Self-Sovereign Identity, SSI for short, is a paradigm shift in the way digital identities are managed and, in a wider sense, perceived by the citizens, first, and the rest of institutions that issue, handle and verify identities and credentials, then.

Progress in digital identities (image credits: https://innovalor.nl/en/Blogs/self-sovereign-identity)

In the figure above you can see how the SSI can be seen as a mandatory step in the evolution of digital identities: from the centralized, first cut to the digital identities, a progressive and incremental evolution can be envisioned toward a future where a distributed way of handling such identities will be the usual way of handling them.

It is worth noting that the meaning of the adjective distributed is not only referring to the architecture of the components where credentials will be kept but, mainly, to the distribution of the responsibilities of how credentials are issued, kept, and shared: this is the exact meaning of self-sovereign, the holder, the citizens or the legal representative of a company, will be in charge of her own credentials and will apply control on the life-cycle of such credential.

An ecosystem is what we need

No matter how fascinating such a vision is, it is necessary to clarify that no SSI solution can work on its own, an SSI solution must, first of all, foster an ecosystem as florid as it can get, in which to host all the processes.

I have personally followed the development of at least three different wallet apps, each with subtle differences, and, for each of them, once you clarify the details of the user experience and the way you keep your secret stuff in a safe place on your mobile, it became clear you need to develop an issuer and a verifier, to demonstrate how your pretty JWT will be exchanged.

A modern SSI logic architecture: the ecosystem is composed by wallets, issuers, verifiers and ledger

In the diagram above, you can see a simple sketch showing how a modern SSI system is composed.

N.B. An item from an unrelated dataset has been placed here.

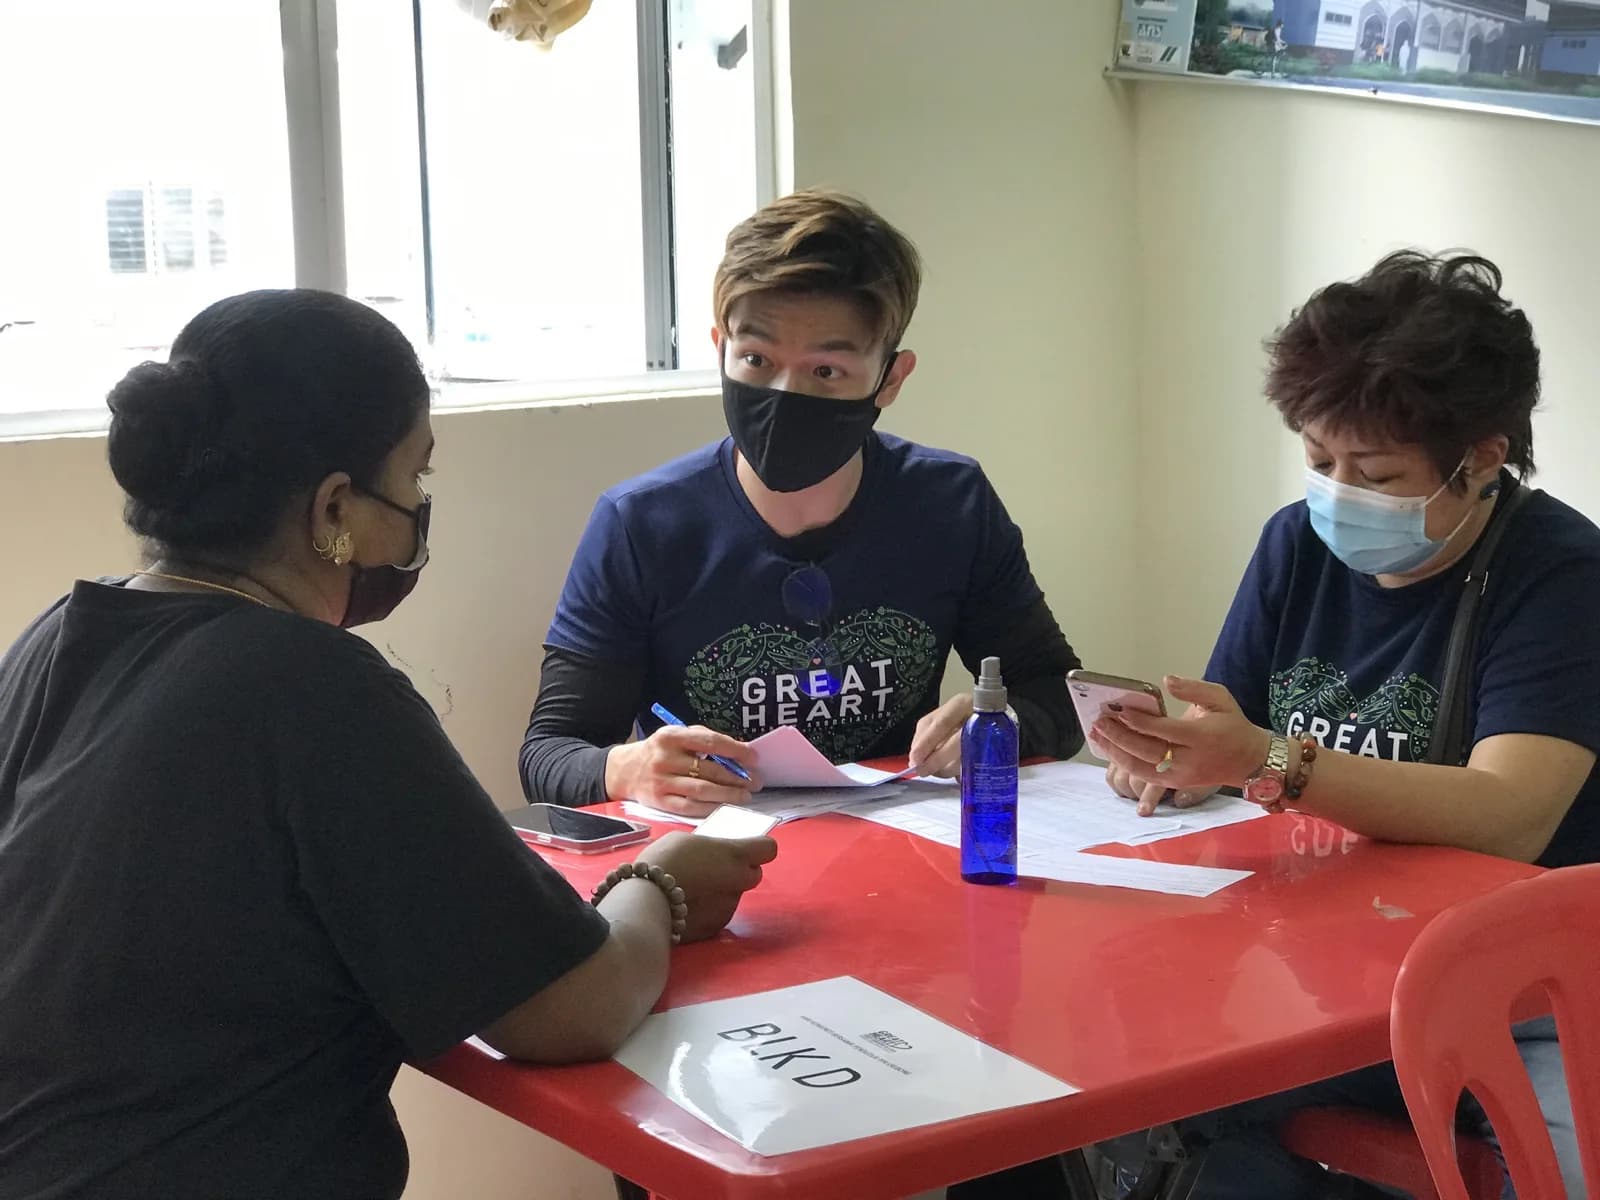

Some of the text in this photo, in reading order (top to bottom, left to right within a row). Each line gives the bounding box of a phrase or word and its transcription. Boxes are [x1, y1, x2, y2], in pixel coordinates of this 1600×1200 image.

Let’s just shortly comment on each of the components:

  • The wallet: it is an app (it can be a web app but it is not relevant in this technological framework: the two concepts coincide), it must be able to receive asynchronous messages, scan QR-codes, get access to two different local storages;
  • The storages: one is encrypted and protected by biometry, the other just provides the persistency that is functional to the state of the application. The differences between them are numerous but, shortly, if you lose your phone the encrypted storage will be hardly accessible to anybody who will find it, so it is a good place where to keep your secrets (e.g. the private key);
  • The ledger: it can be a blockchain (of course) but it is not necessary, going for the blockchain will open access to the purest form of SSI, the blockchain will play the role of the single source of truth, open, public, resilient to failures and to crashes, unstoppable and tamper-proof.
  • The registries: you will need at least a revocation registry, to record the credentials and presentations that will be revoked. It may appear that more registries will be needed but it will be just a variation of the revocation registry;
  • Issuers and verifiers: those are the other actors, beyond the wallet, of each of the exchanges in SSI, they will have specific roles and, most importantly, will create credentials for others and ask for a presentation, of such credentials, to verify them, for the purposes of their roles.
  • Distributed Identifiers: this is the DID infrastructure containing DIDs and DID documents (check this nice article by my good friend Francesco Zurolo);
  • Asynchronous communication channels: this channel must factor in the idea of exchanging encrypted information between certified endpoints that will have to be cryptographically demonstrated to control such endpoints.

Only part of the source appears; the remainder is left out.